Comment 5 for bug 2076520

Revision history for this message
BertN45 (lammert-nijhof) wrote : Re: [Bug 2076520] Re: Ubuntu 24.04 LTS VBox VM does not boot anymore

There is only one graphics controller you can select for Linux: VMSVGA
and you can use it with or without 3D acceleration, but it has the same
result. And basically that is the first thing I try in case of any
potential display issue. All my other Linux and older Ubuntu VMs run
fine with this graphics driver.
I do not understand, why Virtualbox is considered an unsupported
hypervisor, since I already use Virtualbox since 2009 with Ubuntu and I
never knew, it was an unsupported hypervisor.

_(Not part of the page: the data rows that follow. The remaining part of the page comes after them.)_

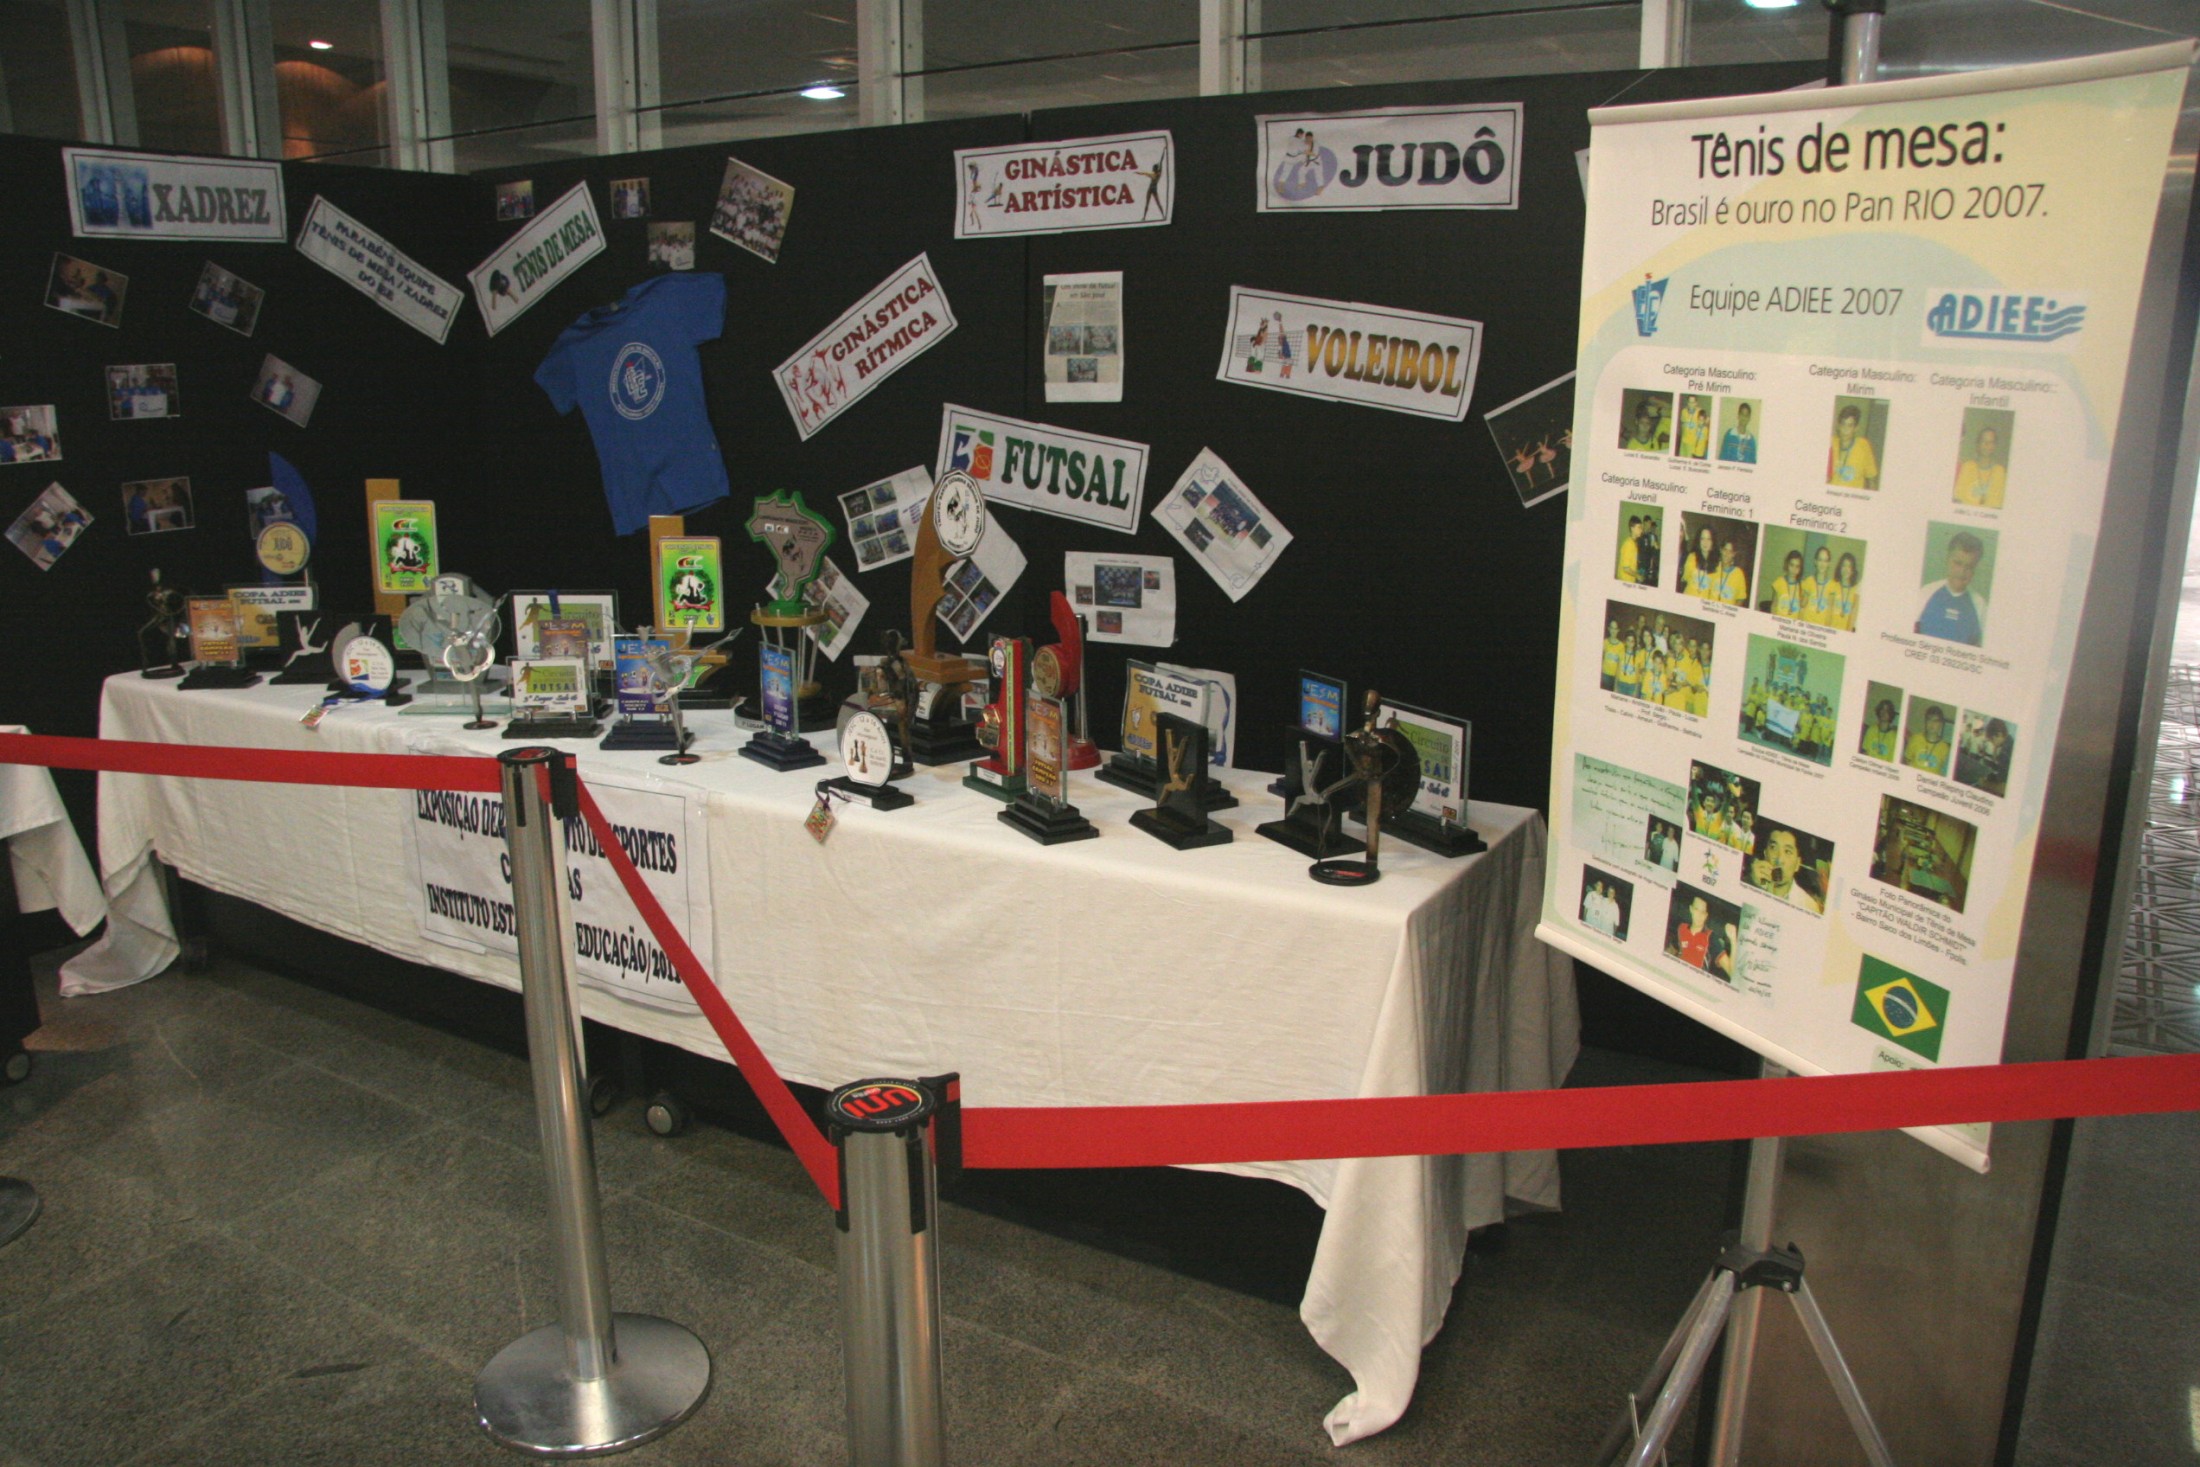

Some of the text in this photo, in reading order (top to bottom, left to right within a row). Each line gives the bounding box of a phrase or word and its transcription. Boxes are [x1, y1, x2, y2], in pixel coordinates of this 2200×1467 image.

[1339, 126, 1505, 188] JUDÔ
[1692, 119, 2005, 179] Tênis de mesa:
[1005, 149, 1138, 180] GINÁSTICA
[152, 183, 271, 225] XADREZ
[1004, 183, 1134, 213] ARTÍSTICA
[1651, 184, 2048, 226] Brasil é ouro no Pan RIO 2007.
[335, 221, 436, 296] PARABÉNS EQUIPE
[512, 209, 596, 293] TÊNIS DE MESA
[311, 221, 346, 251] TÊNIS
[348, 246, 365, 264] DE
[366, 258, 396, 286] MESA
[404, 284, 448, 320] XADREZ
[358, 270, 376, 287] DO
[1689, 284, 1903, 317] Equipe ADIEE 2007
[831, 276, 935, 362] GINÁSTICA
[854, 311, 938, 379] RÍTMICA
[1306, 324, 1462, 398] VOLEIBOL
[1663, 364, 1757, 382] Categoria Masculino:
[1808, 364, 1917, 383] Categoria Masculino:
[1688, 379, 1731, 394] Pré Mirim
[1846, 383, 1875, 396] Mirim
[1930, 372, 1986, 391] Categoria
[1970, 393, 2010, 408] Infantil
[1001, 435, 1130, 510] FUTSAL
[1601, 472, 1688, 494] Categoria Masculino:
[1627, 490, 1657, 503] Juvenil
[1701, 501, 1754, 519] Feminino: 1
[1706, 487, 1751, 504] Categoria
[1794, 499, 1842, 517] Categoria
[1789, 513, 1848, 534] Feminino: 2
[1880, 632, 1916, 647] Professor
[1946, 646, 1977, 661] Roberto
[1134, 673, 1198, 698] COPA ADIEE
[1139, 684, 1178, 703] FUTSAL
[1303, 681, 1339, 702] JESM
[427, 883, 491, 929] INSTITUTO
[1850, 888, 1976, 947] Ginásio Municipal de Tênis de Mesa
[1880, 888, 1951, 923] Foto Panorâmica do
[1856, 911, 1877, 926] Bairro
[1879, 920, 1897, 935] Saco
[1898, 930, 1912, 941] dos
[1914, 935, 1939, 952] Limões
[1897, 915, 1928, 936] WALDIR
[1878, 1050, 1904, 1069] Apoio:

I run the second slowest Ryzen CPU ever and I use it for Virtual
Machines, I don't expect others use VBox VMs on this slow CPU (4C4T;
3.7GHz).
Based on the time I worked on a kernel long ago, I have the feeling,
that we are dealing with a parallel processing problem related to
kernel and virtualbox modules, since it has a timings aspect. Something
like the hypervisor type is not supplied yet by vbox and the kernel
expects it to be present already. On faster CPUs vbox could be in time
to provide the data. Also on faster booting Ubuntu flavors (~7
seconds), the data could be provided mostly on time. But whenever you
have 2 threads working on the same data access must be synchronized to
avoid these type of timing issues.

I can explain the strange behavior, that it boots after the 6th boot by
the fact that I use OpenZFS. So on every run it collects more code in
the 4 GB ZFS memory cache (L1ARC, lz4 compressed) and the next boot is
more from memory and less from the nvme-SSD (3400/2300MB/s). In the
~5th try it did reach the login screen, but it did not login, in the
~6th try I could log in normally. You should also have the log from
this boot as last one and the one I used for journalctl.

Remember I also have occasionally a faulty boot on Ubuntu Budgie 22.04,
but there the second boot is always correct. Some weeks ago, I also had
the problem with 24.10, but there it disappeared.

On Tue, 2024-08-13 at 01:36 +0000, Daniel van Vugt wrote:
> There are several kernel crashes there. And separately vmwgfx seems
> to
> be failing, complaining "*ERROR* vmwgfx seems to be running on an
> unsupported hypervisor". So it's possible the fix here is to choose a
> different virtual graphics card in VirtualBox.